Callbacks let your code react to what is happening inside the Positive User widget - for example, when the widget finishes loading, or when a new chat message arrives. They are defined as functions inside the same “civchat” configuration object, alongside “apiKey” and “user_id”.
Available Callbacks
The Positive User SDK exposes the following callbacks:
onLoad: runs once the widget script and its resources have finished loading. Useful for sequencing other GTM tags that depend on Positive User being ready.
onMessage: runs every time a chat message is received. The “message: object includes an “isAdmin” flag indicating whether the message came from a team member/automation (true) or from the contact (false).
onOpen / onClose: runs when the chat widget is expanded or minimized.
onPayloadReceived: runs when the widget receives a payload from the "Send Code" automation module.
For full reference, see the developer documentation.
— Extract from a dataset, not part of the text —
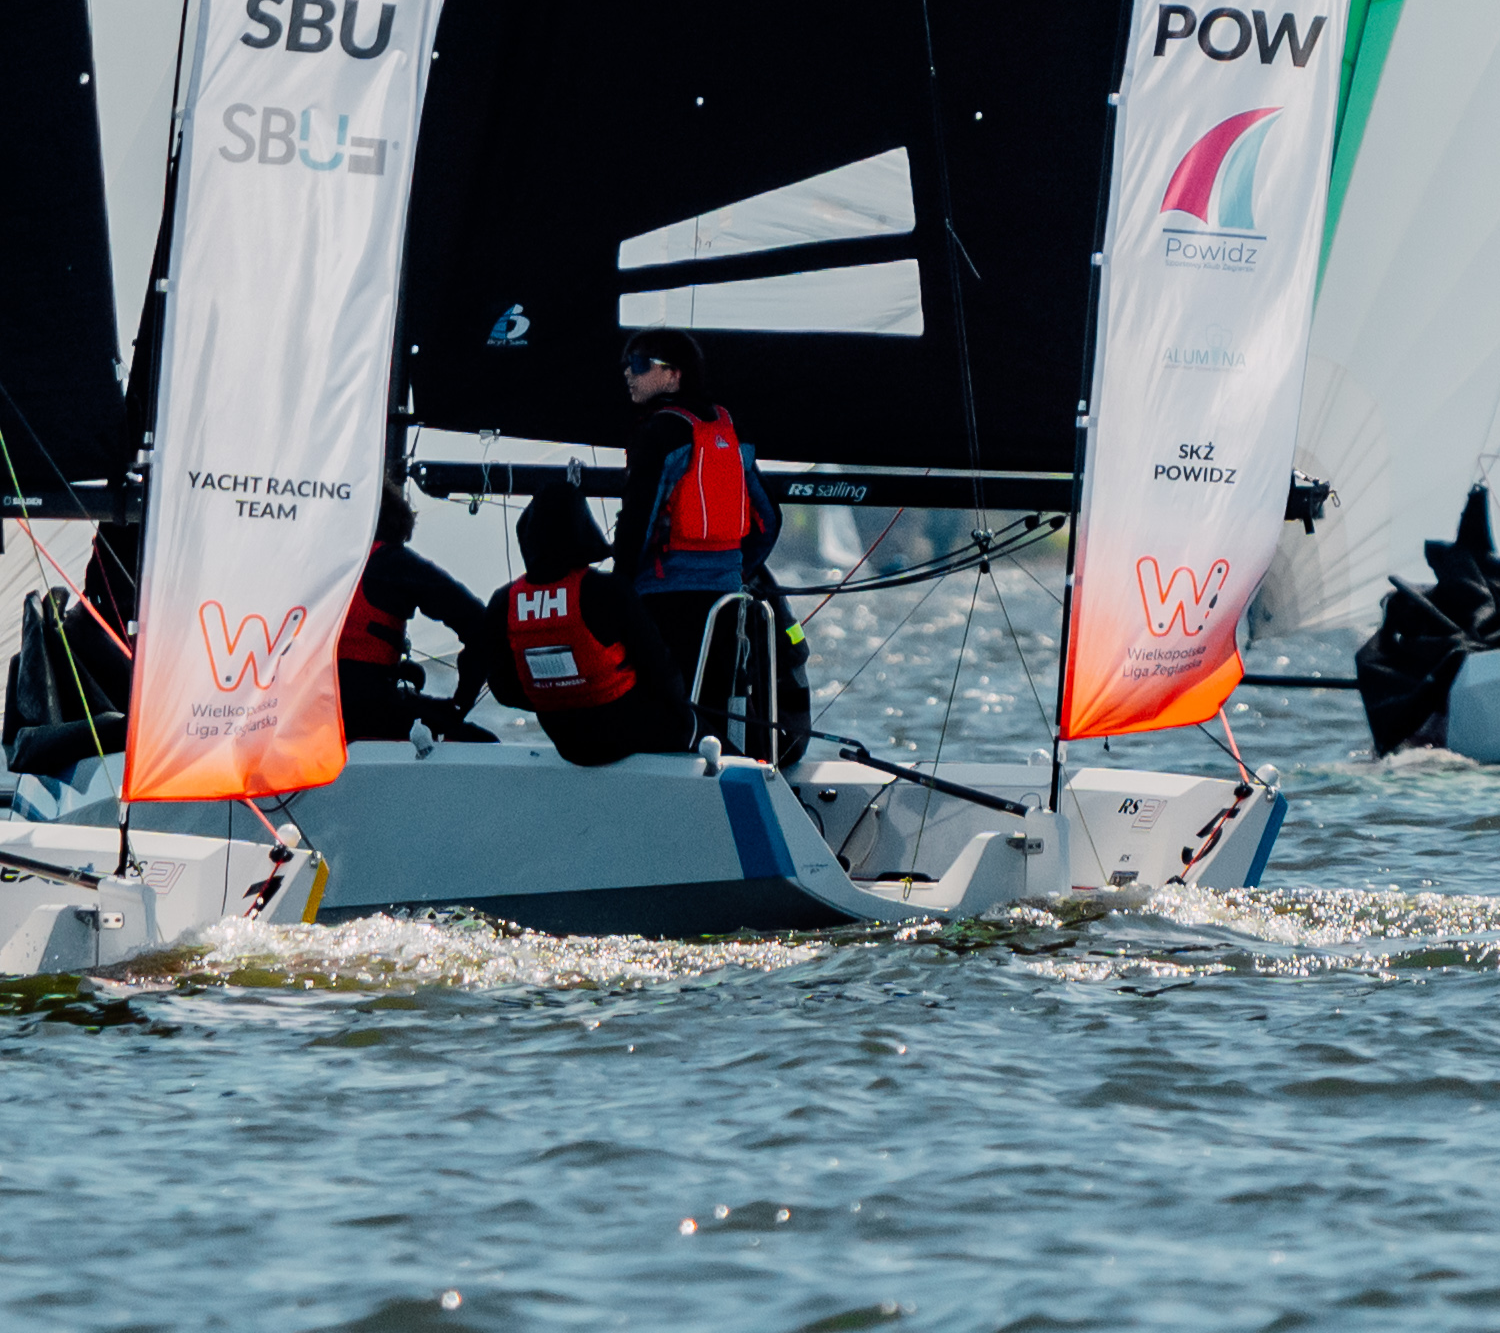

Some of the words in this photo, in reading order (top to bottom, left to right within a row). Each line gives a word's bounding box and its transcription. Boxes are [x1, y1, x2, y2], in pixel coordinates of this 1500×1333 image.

The script below shows a full setup combining everything from this guide: the onLoad callback, the Contact ID, the email, and additional contact data. This is the version you can use as a starting point in production:
<script data-cfasync="false" type="text/javascript">
var civchatConfig = {
apiKey: 'YOUR_KEY',
// Notify GTM once the widget is fully loaded
onLoad: function() {
dataLayer.push({ event: 'Positive User - Widget Ready' });
}
};
// Identify the contact and pass their data only when logged in
if ({{DLV - user_id}}) {
civchatConfig.user_id = {{DLV - user_id}};
civchatConfig.email = {{DLV - user_email}};
civchatConfig.first_name = {{DLV - user_first_name}};
civchatConfig.last_name = {{DLV - user_last_name}};
civchatConfig.phone_number = {{DLV - user_phone}};
civchatConfig.plan_type = {{DLV - user_plan}};
}
window.civchat = civchatConfig;
</script>
<script data-cfasync="false" src="https://yourapp.user.com/widget.js"></script>
In GTM, you can then create a "Custom Event" trigger listening for “Positive User - Widget Ready” and use it on any tag that needs Positive User SDK to be available.

GTM is convenient, but it adds one extra layer between your website and Positive User. If the script does not seem to fire:
Check GTM's "Preview" mode to confirm the tag actually runs on the page.
Make sure the GTM container is published, not just saved.
Check the browser console for JavaScript errors that may stop the script from executing.
Confirm that ad blockers, consent management tools, or your CSP are not blocking GTM or the Positive User domain.
Verify dataLayer variables resolve correctly in Preview mode - if a variable is empty, the corresponding field on “civchat” will be empty too.